## Action item
An exact, complete copy of the entries below is required, minus any pictures.
Top of Working data
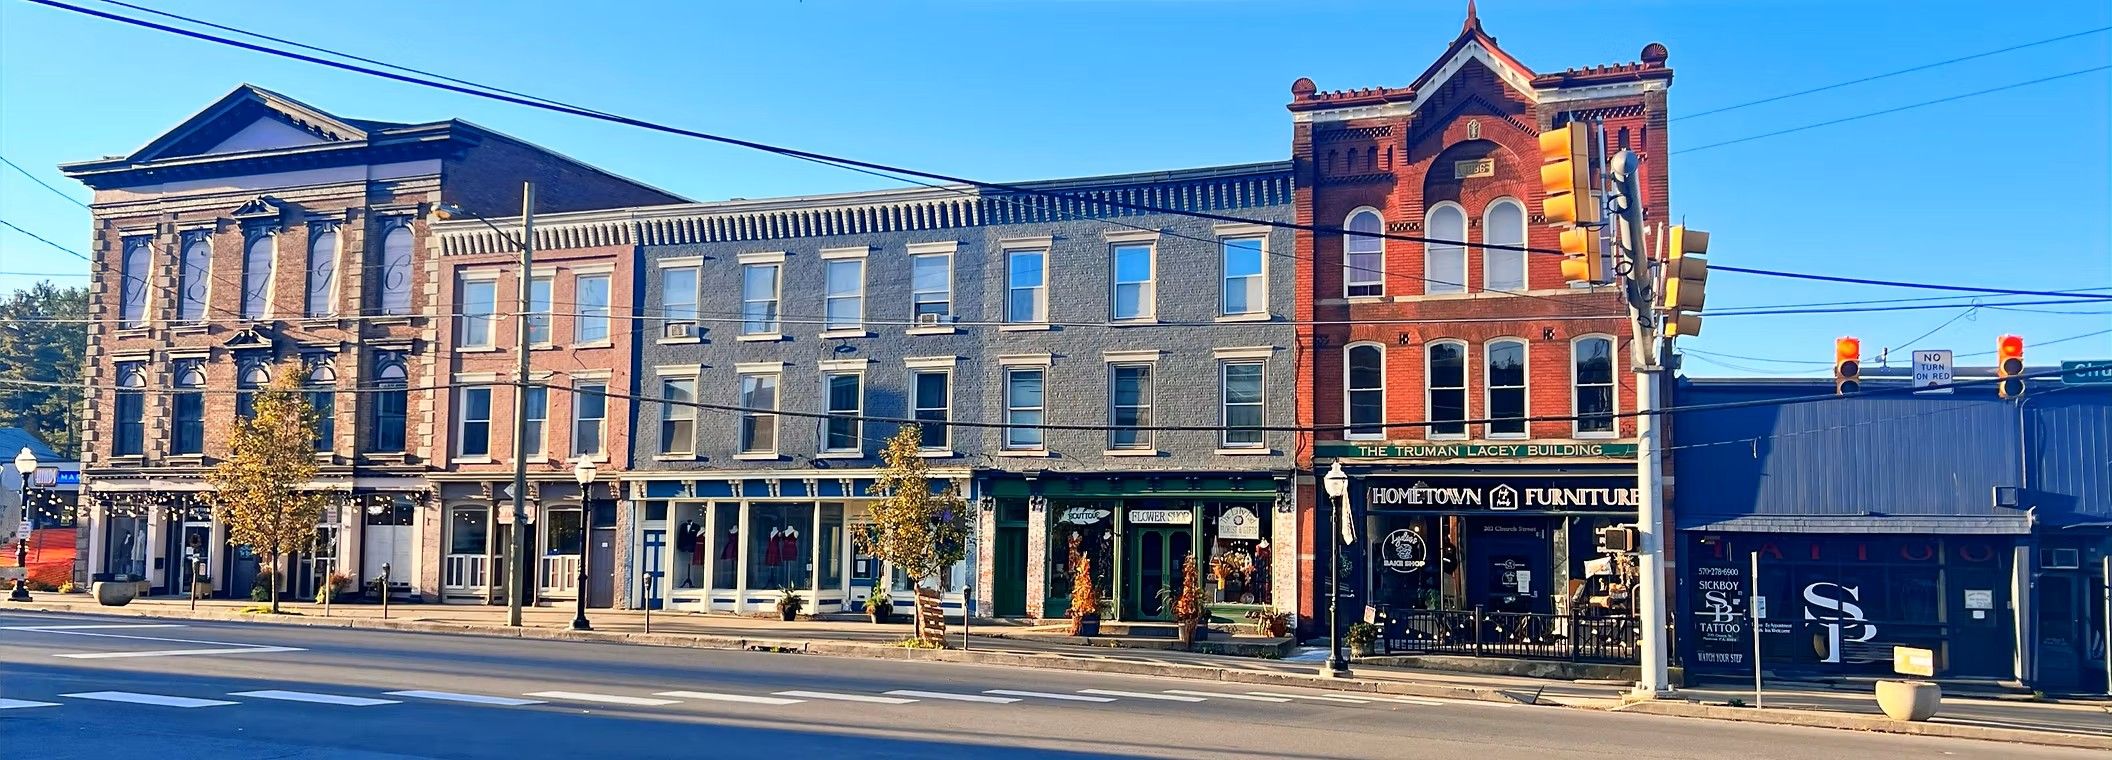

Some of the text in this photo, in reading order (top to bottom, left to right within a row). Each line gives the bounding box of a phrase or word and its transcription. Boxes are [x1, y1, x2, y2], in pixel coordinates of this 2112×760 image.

[1924, 353, 1941, 361] NO
[1916, 372, 1928, 380] ON
[1358, 444, 1603, 456] THE TRUMAN LACEY BUILDING
[1372, 487, 1482, 505] HOMETOWN
[1131, 511, 1190, 522] FLOWER SHOP
[1699, 581, 1739, 590] SICKBOY
[1700, 622, 1740, 633] TATTOO
[1697, 652, 1743, 663] WATCH YOUR STEP
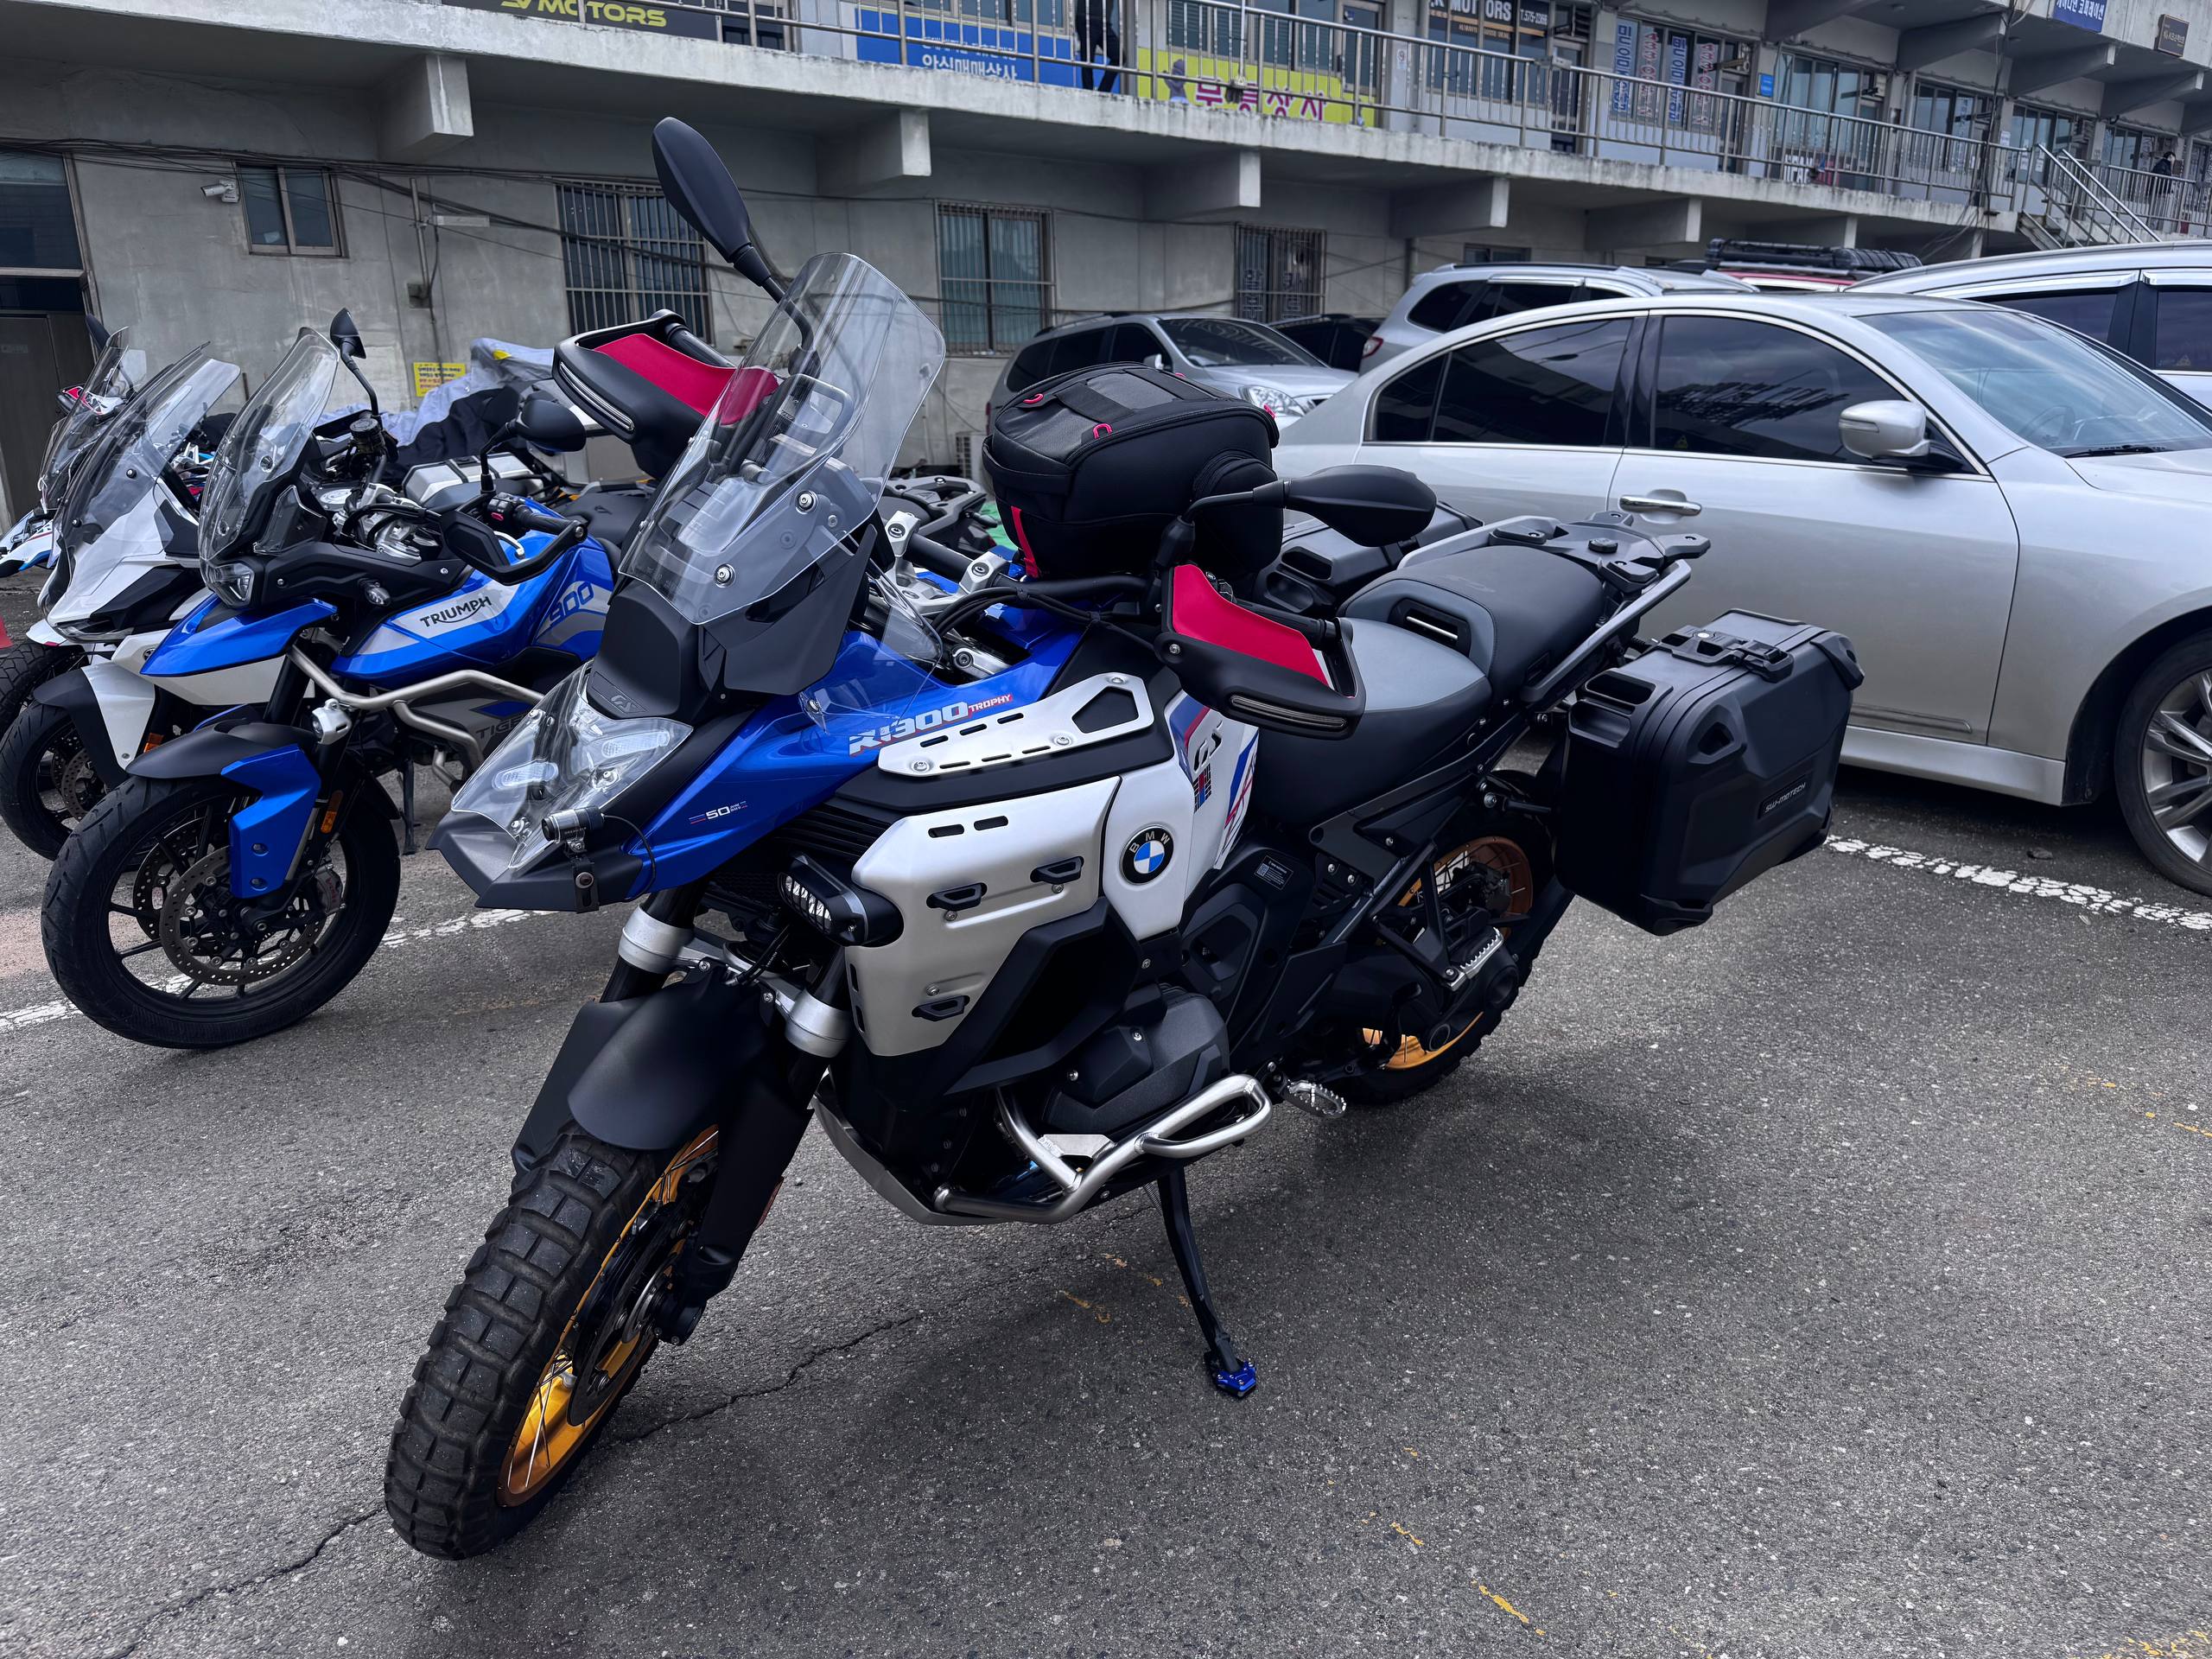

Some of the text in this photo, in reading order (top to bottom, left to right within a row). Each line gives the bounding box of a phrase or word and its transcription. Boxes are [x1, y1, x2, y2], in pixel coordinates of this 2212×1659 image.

[537, 0, 667, 28] MOTORS
[420, 596, 493, 627] TRIUMPH
[550, 582, 594, 624] 900
[969, 695, 1013, 714] TROPHY
[706, 806, 731, 820] 50
[1128, 830, 1171, 854] BMW
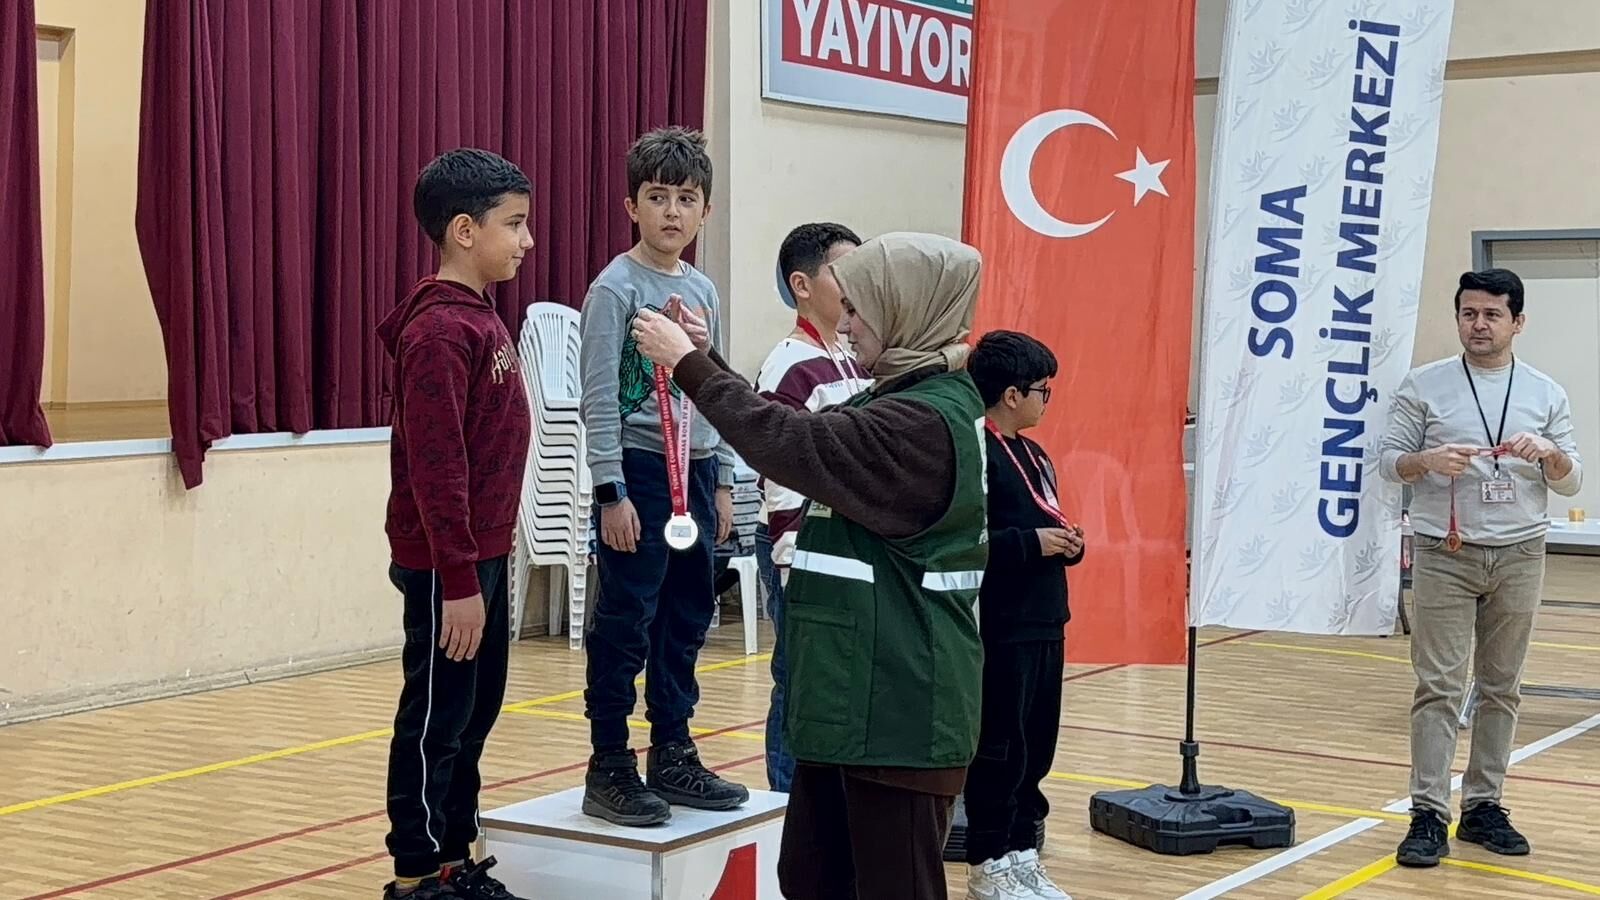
Bottom of Working data
## Answer section
Some of the text in this photo, in reading order (top to bottom, left to right within a row). Each line gives the bounding box of a phrase or word and its transcription. Boxes are [x1, y1, x2, y2], in pixel coordinates of this 2112×760 image.

[1924, 353, 1941, 361] NO
[1916, 372, 1928, 380] ON
[1358, 444, 1603, 456] THE TRUMAN LACEY BUILDING
[1372, 487, 1482, 505] HOMETOWN
[1131, 511, 1190, 522] FLOWER SHOP
[1699, 581, 1739, 590] SICKBOY
[1700, 622, 1740, 633] TATTOO
[1697, 652, 1743, 663] WATCH YOUR STEP

Some of the text in this photo, in reading order (top to bottom, left to right within a row). Each line gives the bounding box of a phrase or word and its transcription. Boxes are [x1, y1, x2, y2], in pixel coordinates of this 2212×1659 image.

[537, 0, 667, 28] MOTORS
[420, 596, 493, 627] TRIUMPH
[550, 582, 594, 624] 900
[969, 695, 1013, 714] TROPHY
[706, 806, 731, 820] 50
[1128, 830, 1171, 854] BMW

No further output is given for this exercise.